Would you transcribe the records below exactly, omitting every picture?

(Saved entries)
■ ■ ■
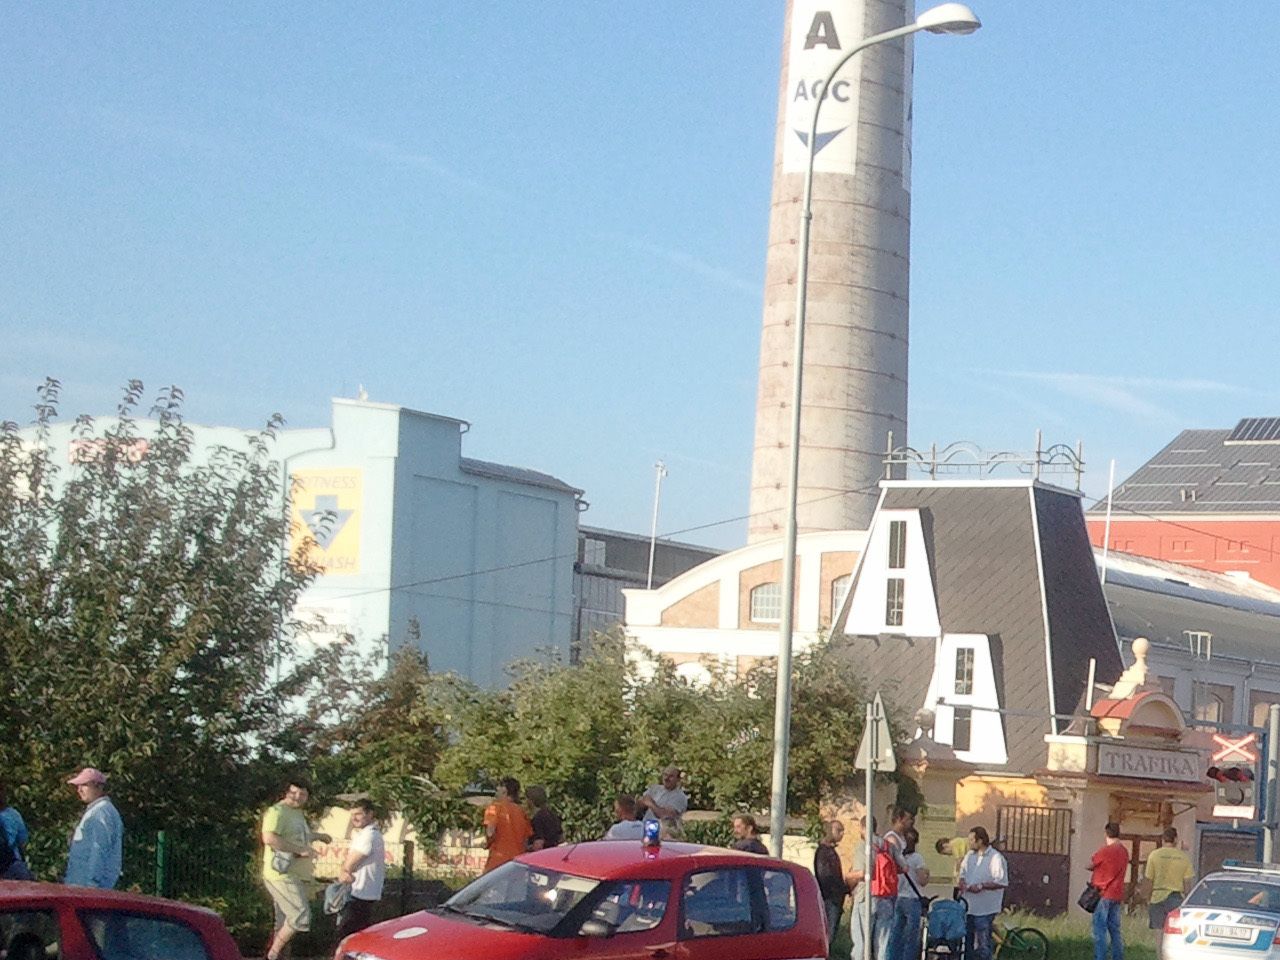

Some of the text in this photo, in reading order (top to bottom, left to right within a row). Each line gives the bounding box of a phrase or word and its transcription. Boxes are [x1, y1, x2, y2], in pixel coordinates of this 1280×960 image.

[803, 11, 842, 50] A
[793, 79, 851, 102] AGC
[1105, 751, 1195, 776] TRAFIKA
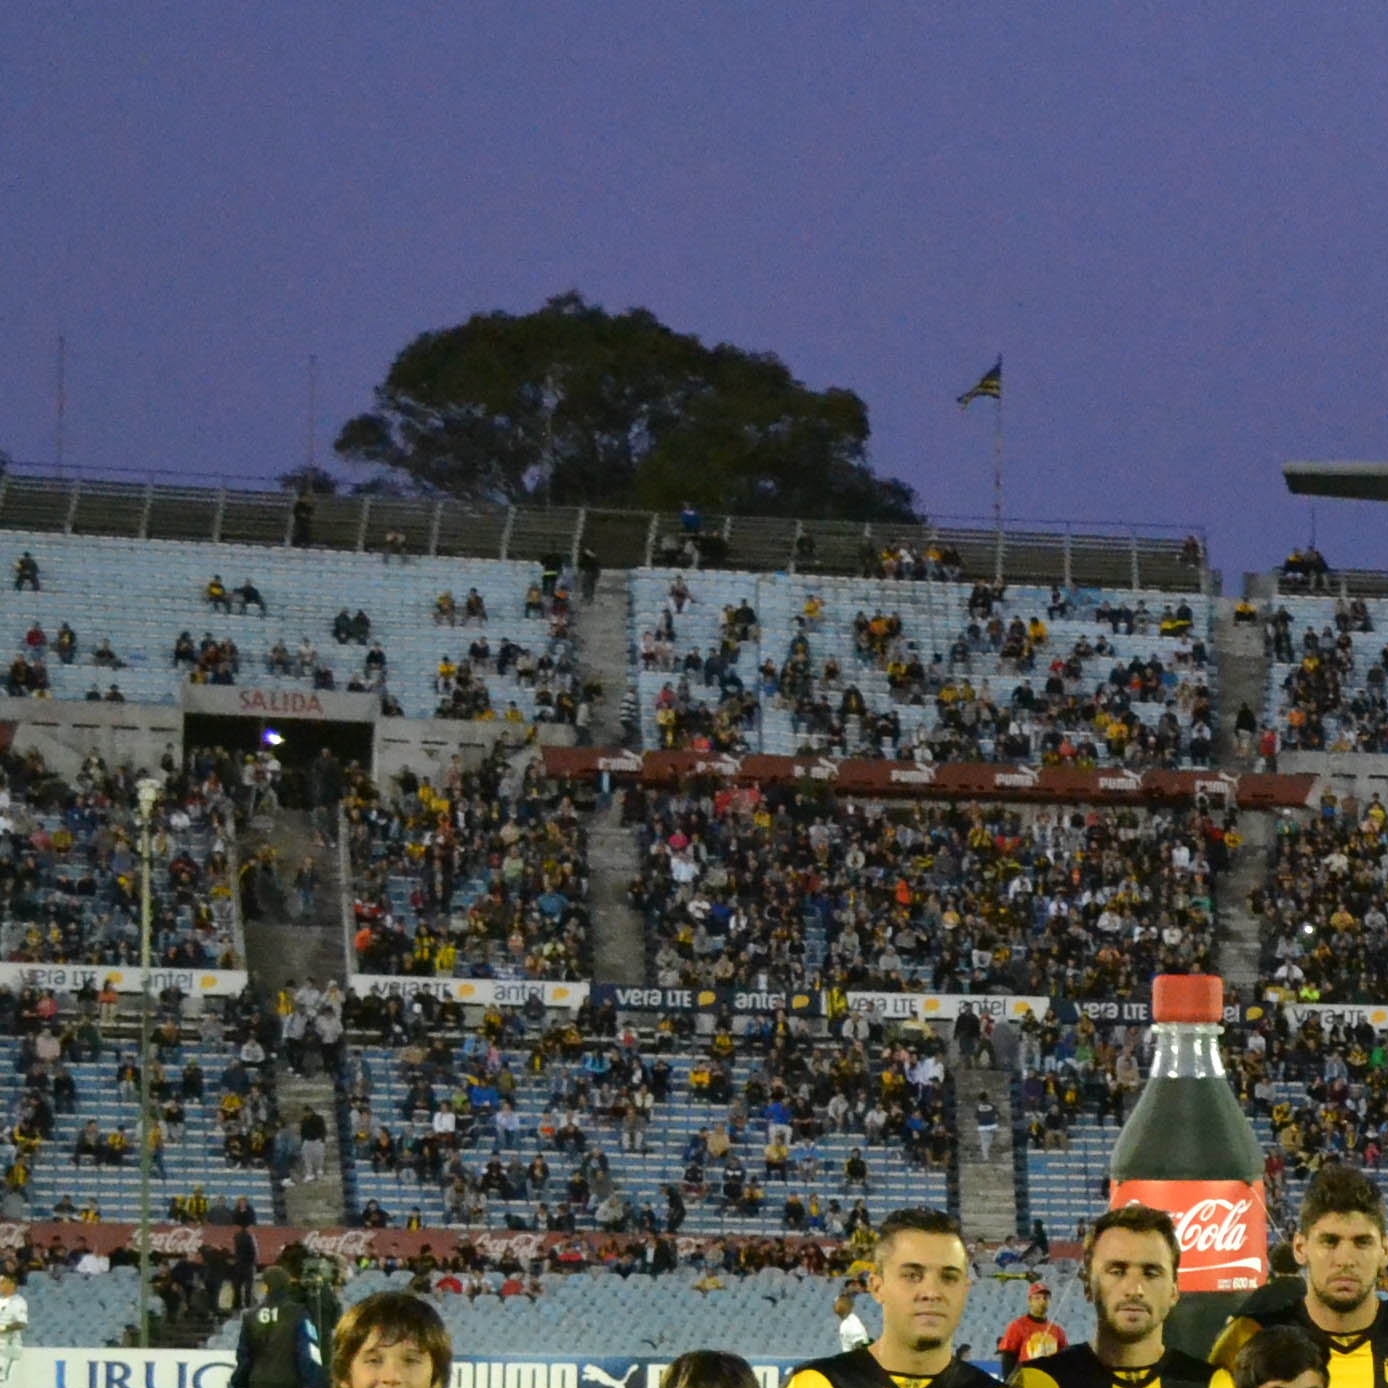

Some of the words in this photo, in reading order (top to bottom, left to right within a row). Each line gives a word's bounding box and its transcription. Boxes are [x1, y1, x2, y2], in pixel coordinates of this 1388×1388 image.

[239, 690, 325, 715] SALIDA
[995, 772, 1034, 787] PUMA
[1099, 776, 1138, 790] PUMA
[617, 988, 662, 1007] vera
[668, 988, 692, 1007] LTE
[893, 998, 918, 1014] LTE
[1124, 1001, 1148, 1020] LTE
[1168, 1198, 1252, 1252] -Cola
[129, 1227, 204, 1254] Cca-Cola
[258, 1306, 279, 1324] 61
■ ■ ■
§ COMPLETED EXERCISE
Some of the text in this photo, in reading order (top to bottom, left to right within a row). Each line gives the bounding box of a phrase or word and its transcription. Boxes are [x1, y1, x2, y2], in pixel coordinates of this 1280×960 image.

[803, 11, 842, 50] A
[793, 79, 851, 102] AGC
[1105, 751, 1195, 776] TRAFIKA

Some of the words in this photo, in reading order (top to bottom, left to right within a row). Each line gives a word's bounding box and its transcription. Boxes are [x1, y1, x2, y2], in pixel coordinates of this 1388×1388 image.

[239, 690, 325, 715] SALIDA
[995, 772, 1034, 787] PUMA
[1099, 776, 1138, 790] PUMA
[617, 988, 662, 1007] vera
[668, 988, 692, 1007] LTE
[893, 998, 918, 1014] LTE
[1124, 1001, 1148, 1020] LTE
[1168, 1198, 1252, 1252] -Cola
[129, 1227, 204, 1254] Cca-Cola
[258, 1306, 279, 1324] 61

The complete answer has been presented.